» **Work instructions**: Output the listing below verbatim.

» **Records supplied**:

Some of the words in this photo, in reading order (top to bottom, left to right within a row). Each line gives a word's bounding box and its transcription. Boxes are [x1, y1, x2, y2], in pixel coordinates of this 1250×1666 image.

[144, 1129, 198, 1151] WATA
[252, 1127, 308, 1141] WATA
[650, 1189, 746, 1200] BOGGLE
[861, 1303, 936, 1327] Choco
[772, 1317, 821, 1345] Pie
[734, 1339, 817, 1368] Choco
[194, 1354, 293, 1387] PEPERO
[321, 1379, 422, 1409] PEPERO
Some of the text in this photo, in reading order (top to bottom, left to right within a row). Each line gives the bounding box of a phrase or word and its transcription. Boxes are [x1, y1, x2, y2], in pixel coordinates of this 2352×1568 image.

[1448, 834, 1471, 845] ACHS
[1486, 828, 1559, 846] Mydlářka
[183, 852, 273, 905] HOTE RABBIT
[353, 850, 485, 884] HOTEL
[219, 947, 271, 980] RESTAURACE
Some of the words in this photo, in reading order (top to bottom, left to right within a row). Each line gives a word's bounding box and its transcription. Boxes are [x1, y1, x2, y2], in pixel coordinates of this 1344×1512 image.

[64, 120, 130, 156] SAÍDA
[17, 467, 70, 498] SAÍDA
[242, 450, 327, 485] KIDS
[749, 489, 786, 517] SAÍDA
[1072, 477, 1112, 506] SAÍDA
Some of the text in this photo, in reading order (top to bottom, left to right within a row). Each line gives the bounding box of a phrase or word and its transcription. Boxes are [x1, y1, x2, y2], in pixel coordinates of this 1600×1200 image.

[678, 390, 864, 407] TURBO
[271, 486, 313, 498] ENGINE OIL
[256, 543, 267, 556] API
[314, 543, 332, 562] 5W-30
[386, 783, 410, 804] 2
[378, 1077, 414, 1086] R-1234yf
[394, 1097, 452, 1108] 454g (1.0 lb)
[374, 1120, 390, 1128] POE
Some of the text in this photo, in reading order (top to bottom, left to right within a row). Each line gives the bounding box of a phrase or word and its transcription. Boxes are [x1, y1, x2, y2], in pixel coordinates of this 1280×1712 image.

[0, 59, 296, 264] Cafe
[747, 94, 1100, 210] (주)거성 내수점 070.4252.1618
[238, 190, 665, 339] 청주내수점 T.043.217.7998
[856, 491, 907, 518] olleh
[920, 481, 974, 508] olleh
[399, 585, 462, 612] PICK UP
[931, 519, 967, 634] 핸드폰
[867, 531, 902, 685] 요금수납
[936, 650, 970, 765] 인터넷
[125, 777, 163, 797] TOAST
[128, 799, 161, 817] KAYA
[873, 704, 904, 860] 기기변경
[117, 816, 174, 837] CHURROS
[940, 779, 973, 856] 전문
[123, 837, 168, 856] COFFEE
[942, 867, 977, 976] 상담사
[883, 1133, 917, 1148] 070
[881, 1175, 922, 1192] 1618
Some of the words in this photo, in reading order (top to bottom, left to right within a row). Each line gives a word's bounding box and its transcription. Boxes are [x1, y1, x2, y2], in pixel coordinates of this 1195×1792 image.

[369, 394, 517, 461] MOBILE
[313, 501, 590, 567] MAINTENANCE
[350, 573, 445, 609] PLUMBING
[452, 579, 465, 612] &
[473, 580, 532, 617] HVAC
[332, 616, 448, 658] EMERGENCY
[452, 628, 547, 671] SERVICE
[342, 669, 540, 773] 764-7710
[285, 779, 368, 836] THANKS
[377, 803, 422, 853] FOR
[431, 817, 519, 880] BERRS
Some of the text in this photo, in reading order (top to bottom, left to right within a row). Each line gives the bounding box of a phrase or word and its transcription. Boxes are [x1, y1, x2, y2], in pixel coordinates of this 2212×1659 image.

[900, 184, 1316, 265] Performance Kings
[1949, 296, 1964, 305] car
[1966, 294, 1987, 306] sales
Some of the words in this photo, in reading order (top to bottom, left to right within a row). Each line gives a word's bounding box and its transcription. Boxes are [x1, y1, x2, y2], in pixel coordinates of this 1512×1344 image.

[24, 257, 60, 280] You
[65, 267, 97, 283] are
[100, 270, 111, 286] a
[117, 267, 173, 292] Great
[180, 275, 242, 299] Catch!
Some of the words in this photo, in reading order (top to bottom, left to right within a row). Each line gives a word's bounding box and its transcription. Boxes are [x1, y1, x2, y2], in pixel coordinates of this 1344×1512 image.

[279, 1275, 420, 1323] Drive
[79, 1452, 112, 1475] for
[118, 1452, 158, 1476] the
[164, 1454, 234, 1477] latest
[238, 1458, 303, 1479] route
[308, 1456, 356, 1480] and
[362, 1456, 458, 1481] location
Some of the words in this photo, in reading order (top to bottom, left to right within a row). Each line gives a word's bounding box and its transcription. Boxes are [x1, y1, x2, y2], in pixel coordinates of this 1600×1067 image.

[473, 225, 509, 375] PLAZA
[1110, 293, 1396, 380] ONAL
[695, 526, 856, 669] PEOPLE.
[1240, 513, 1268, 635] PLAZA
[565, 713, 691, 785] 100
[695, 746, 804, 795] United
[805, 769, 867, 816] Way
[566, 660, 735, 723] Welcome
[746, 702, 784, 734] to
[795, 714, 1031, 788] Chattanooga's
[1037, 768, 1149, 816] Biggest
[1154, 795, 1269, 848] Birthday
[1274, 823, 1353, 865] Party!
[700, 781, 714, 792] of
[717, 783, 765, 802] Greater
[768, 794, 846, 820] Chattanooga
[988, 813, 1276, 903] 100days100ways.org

» **Problem solution**:
Some of the words in this photo, in reading order (top to bottom, left to right within a row). Each line gives a word's bounding box and its transcription. Boxes are [x1, y1, x2, y2], in pixel coordinates of this 1250×1666 image.

[144, 1129, 198, 1151] WATA
[252, 1127, 308, 1141] WATA
[650, 1189, 746, 1200] BOGGLE
[861, 1303, 936, 1327] Choco
[772, 1317, 821, 1345] Pie
[734, 1339, 817, 1368] Choco
[194, 1354, 293, 1387] PEPERO
[321, 1379, 422, 1409] PEPERO
Some of the text in this photo, in reading order (top to bottom, left to right within a row). Each line gives the bounding box of a phrase or word and its transcription. Boxes are [x1, y1, x2, y2], in pixel coordinates of this 2352×1568 image.

[1448, 834, 1471, 845] ACHS
[1486, 828, 1559, 846] Mydlářka
[183, 852, 273, 905] HOTE RABBIT
[353, 850, 485, 884] HOTEL
[219, 947, 271, 980] RESTAURACE
Some of the words in this photo, in reading order (top to bottom, left to right within a row). Each line gives a word's bounding box and its transcription. Boxes are [x1, y1, x2, y2], in pixel coordinates of this 1344×1512 image.

[64, 120, 130, 156] SAÍDA
[17, 467, 70, 498] SAÍDA
[242, 450, 327, 485] KIDS
[749, 489, 786, 517] SAÍDA
[1072, 477, 1112, 506] SAÍDA
Some of the text in this photo, in reading order (top to bottom, left to right within a row). Each line gives the bounding box of a phrase or word and its transcription. Boxes are [x1, y1, x2, y2], in pixel coordinates of this 1600×1200 image.

[678, 390, 864, 407] TURBO
[271, 486, 313, 498] ENGINE OIL
[256, 543, 267, 556] API
[314, 543, 332, 562] 5W-30
[386, 783, 410, 804] 2
[378, 1077, 414, 1086] R-1234yf
[394, 1097, 452, 1108] 454g (1.0 lb)
[374, 1120, 390, 1128] POE
Some of the text in this photo, in reading order (top to bottom, left to right within a row). Each line gives the bounding box of a phrase or word and its transcription. Boxes are [x1, y1, x2, y2], in pixel coordinates of this 1280×1712 image.

[0, 59, 296, 264] Cafe
[747, 94, 1100, 210] (주)거성 내수점 070.4252.1618
[238, 190, 665, 339] 청주내수점 T.043.217.7998
[856, 491, 907, 518] olleh
[920, 481, 974, 508] olleh
[399, 585, 462, 612] PICK UP
[931, 519, 967, 634] 핸드폰
[867, 531, 902, 685] 요금수납
[936, 650, 970, 765] 인터넷
[125, 777, 163, 797] TOAST
[128, 799, 161, 817] KAYA
[873, 704, 904, 860] 기기변경
[117, 816, 174, 837] CHURROS
[940, 779, 973, 856] 전문
[123, 837, 168, 856] COFFEE
[942, 867, 977, 976] 상담사
[883, 1133, 917, 1148] 070
[881, 1175, 922, 1192] 1618
Some of the words in this photo, in reading order (top to bottom, left to right within a row). Each line gives a word's bounding box and its transcription. Boxes are [x1, y1, x2, y2], in pixel coordinates of this 1195×1792 image.

[369, 394, 517, 461] MOBILE
[313, 501, 590, 567] MAINTENANCE
[350, 573, 445, 609] PLUMBING
[452, 579, 465, 612] &
[473, 580, 532, 617] HVAC
[332, 616, 448, 658] EMERGENCY
[452, 628, 547, 671] SERVICE
[342, 669, 540, 773] 764-7710
[285, 779, 368, 836] THANKS
[377, 803, 422, 853] FOR
[431, 817, 519, 880] BERRS
Some of the text in this photo, in reading order (top to bottom, left to right within a row). Each line gives the bounding box of a phrase or word and its transcription. Boxes are [x1, y1, x2, y2], in pixel coordinates of this 2212×1659 image.

[900, 184, 1316, 265] Performance Kings
[1949, 296, 1964, 305] car
[1966, 294, 1987, 306] sales
Some of the words in this photo, in reading order (top to bottom, left to right within a row). Each line gives a word's bounding box and its transcription. Boxes are [x1, y1, x2, y2], in pixel coordinates of this 1512×1344 image.

[24, 257, 60, 280] You
[65, 267, 97, 283] are
[100, 270, 111, 286] a
[117, 267, 173, 292] Great
[180, 275, 242, 299] Catch!
Some of the words in this photo, in reading order (top to bottom, left to right within a row). Each line gives a word's bounding box and its transcription. Boxes are [x1, y1, x2, y2], in pixel coordinates of this 1344×1512 image.

[279, 1275, 420, 1323] Drive
[79, 1452, 112, 1475] for
[118, 1452, 158, 1476] the
[164, 1454, 234, 1477] latest
[238, 1458, 303, 1479] route
[308, 1456, 356, 1480] and
[362, 1456, 458, 1481] location
Some of the words in this photo, in reading order (top to bottom, left to right within a row). Each line gives a word's bounding box and its transcription. Boxes are [x1, y1, x2, y2], in pixel coordinates of this 1600×1067 image.

[473, 225, 509, 375] PLAZA
[1110, 293, 1396, 380] ONAL
[695, 526, 856, 669] PEOPLE.
[1240, 513, 1268, 635] PLAZA
[565, 713, 691, 785] 100
[695, 746, 804, 795] United
[805, 769, 867, 816] Way
[566, 660, 735, 723] Welcome
[746, 702, 784, 734] to
[795, 714, 1031, 788] Chattanooga's
[1037, 768, 1149, 816] Biggest
[1154, 795, 1269, 848] Birthday
[1274, 823, 1353, 865] Party!
[700, 781, 714, 792] of
[717, 783, 765, 802] Greater
[768, 794, 846, 820] Chattanooga
[988, 813, 1276, 903] 100days100ways.org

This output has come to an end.